> **REQUIRED WORK**: Return an exact copy of the entries, skipping any picture you find.

> **RECORDS FOR THE EXERCISE**:

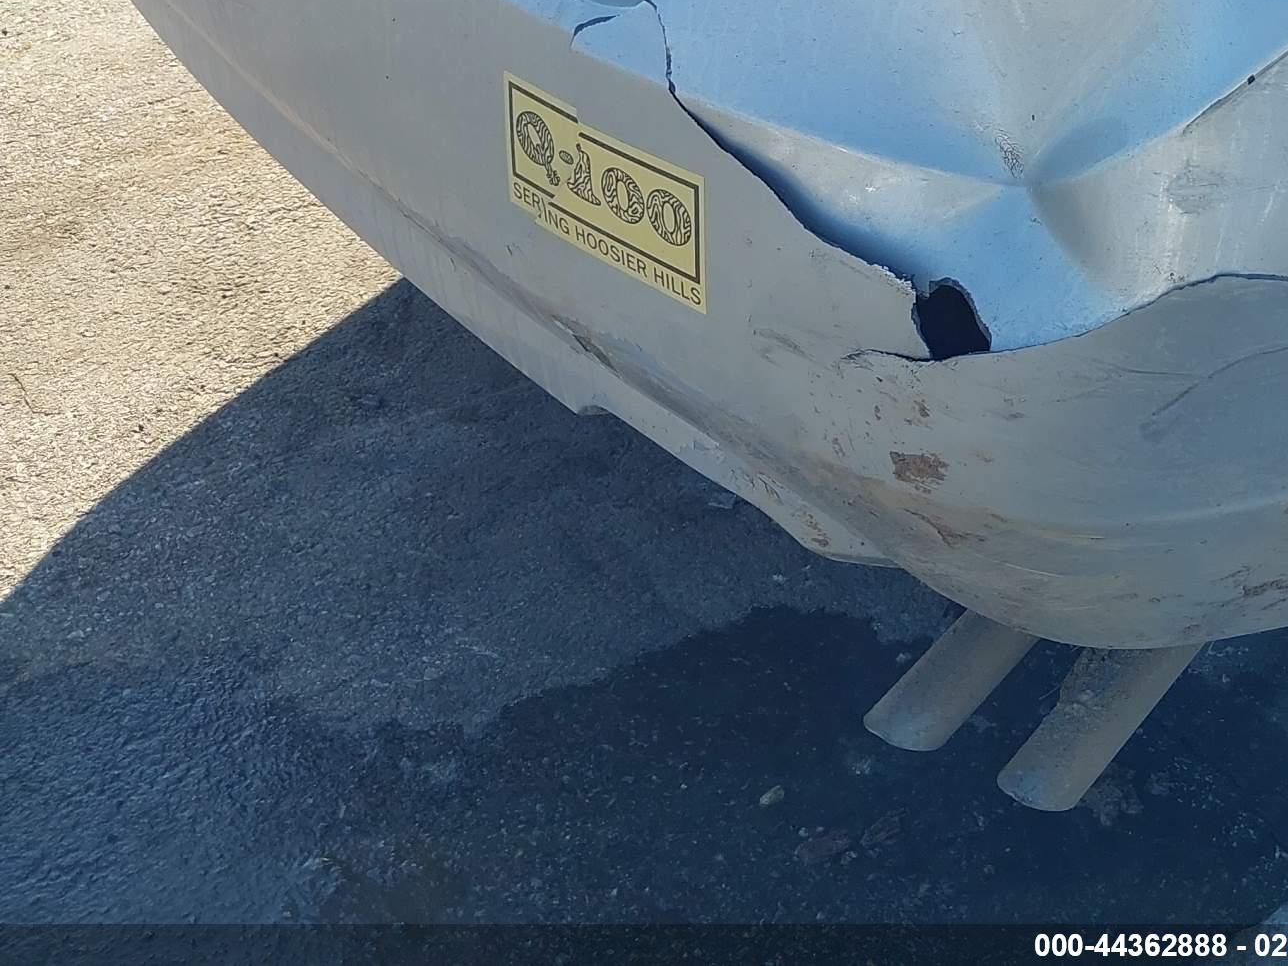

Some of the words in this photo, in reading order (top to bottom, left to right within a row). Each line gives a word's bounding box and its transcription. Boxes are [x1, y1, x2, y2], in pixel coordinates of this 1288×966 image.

[515, 110, 692, 247] Q-100
[574, 225, 648, 278] HOOSIER
[653, 266, 702, 306] HILLS
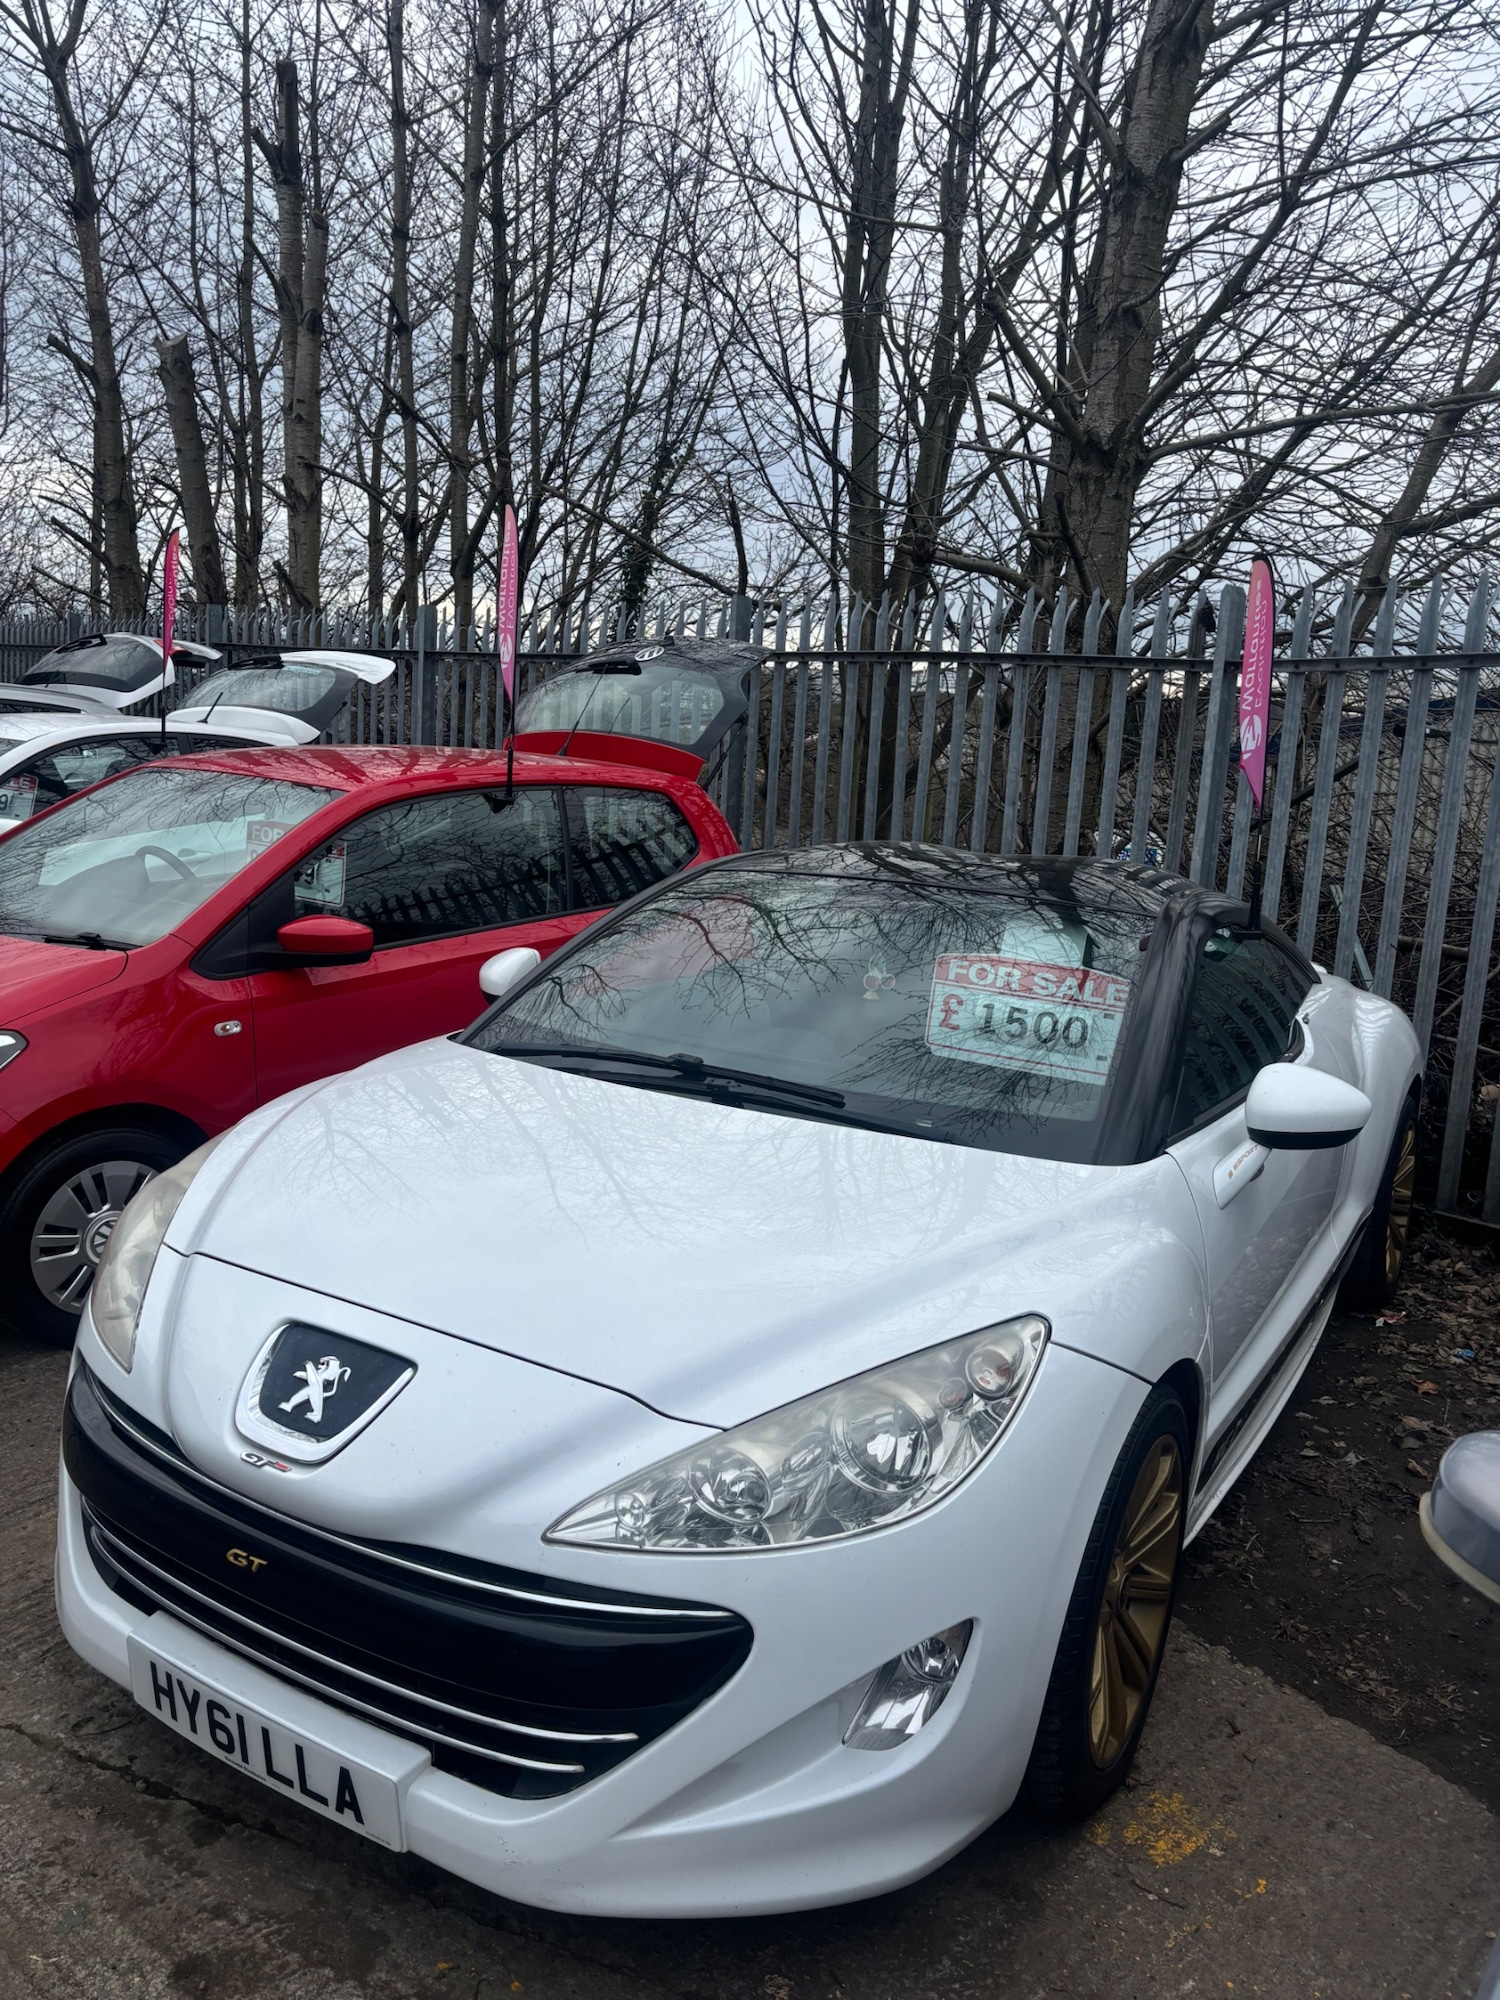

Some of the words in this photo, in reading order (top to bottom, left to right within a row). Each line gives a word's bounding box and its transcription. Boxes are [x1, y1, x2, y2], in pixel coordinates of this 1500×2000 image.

[947, 959, 1021, 991] FOR
[1032, 972, 1131, 1004] SALE
[979, 1002, 1089, 1049] 1500
[226, 1548, 268, 1573] GT
[150, 1661, 249, 1766] HY61
[261, 1725, 365, 1826] LLA
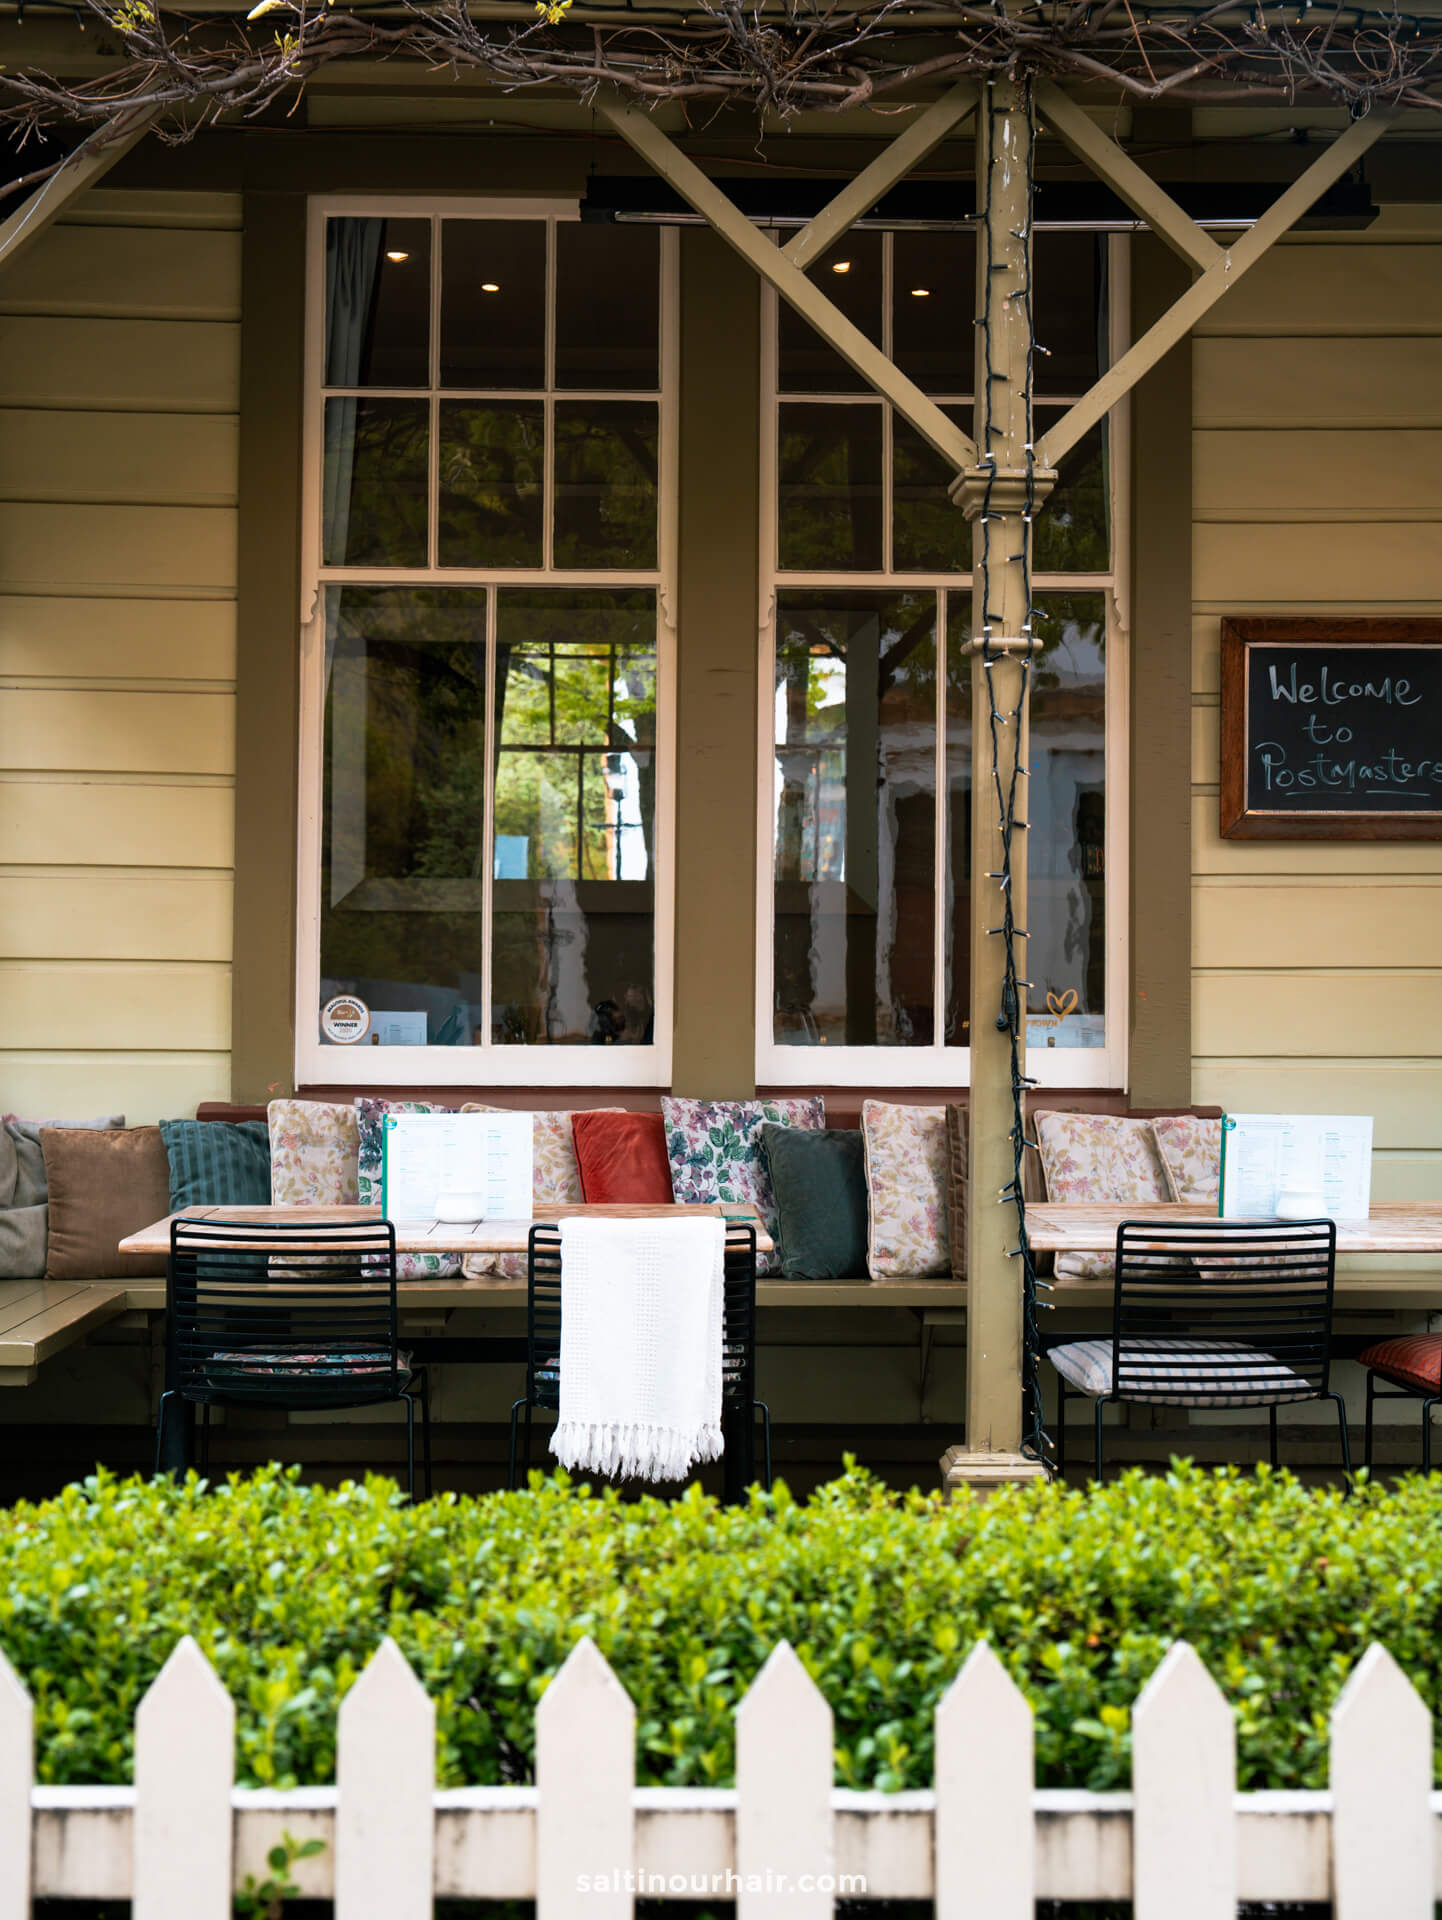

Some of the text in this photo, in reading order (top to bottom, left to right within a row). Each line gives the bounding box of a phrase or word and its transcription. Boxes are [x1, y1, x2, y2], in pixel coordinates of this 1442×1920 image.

> **WRITTEN SOLUTION**:
Some of the words in this photo, in reading order (top to bottom, left to right within a row). Each line gives a word's bounding box and its transcription. Boxes are [x1, y1, x2, y2], in pixel coordinates of this 1288×966 image.

[515, 110, 692, 247] Q-100
[574, 225, 648, 278] HOOSIER
[653, 266, 702, 306] HILLS

Some of the words in this photo, in reading order (top to bottom, left to right within a row). Each line gives a word's bounding box and its transcription. Boxes are [x1, y1, x2, y2], in pixel coordinates of this 1500×2000 image.

[947, 959, 1021, 991] FOR
[1032, 972, 1131, 1004] SALE
[979, 1002, 1089, 1049] 1500
[226, 1548, 268, 1573] GT
[150, 1661, 249, 1766] HY61
[261, 1725, 365, 1826] LLA

Some of the text in this photo, in reading order (top to bottom, left to right within a row). Each line gives the bounding box of a phrase or word and its transcription. Boxes are [x1, y1, x2, y2], in pixel coordinates of this 1442×1920 image.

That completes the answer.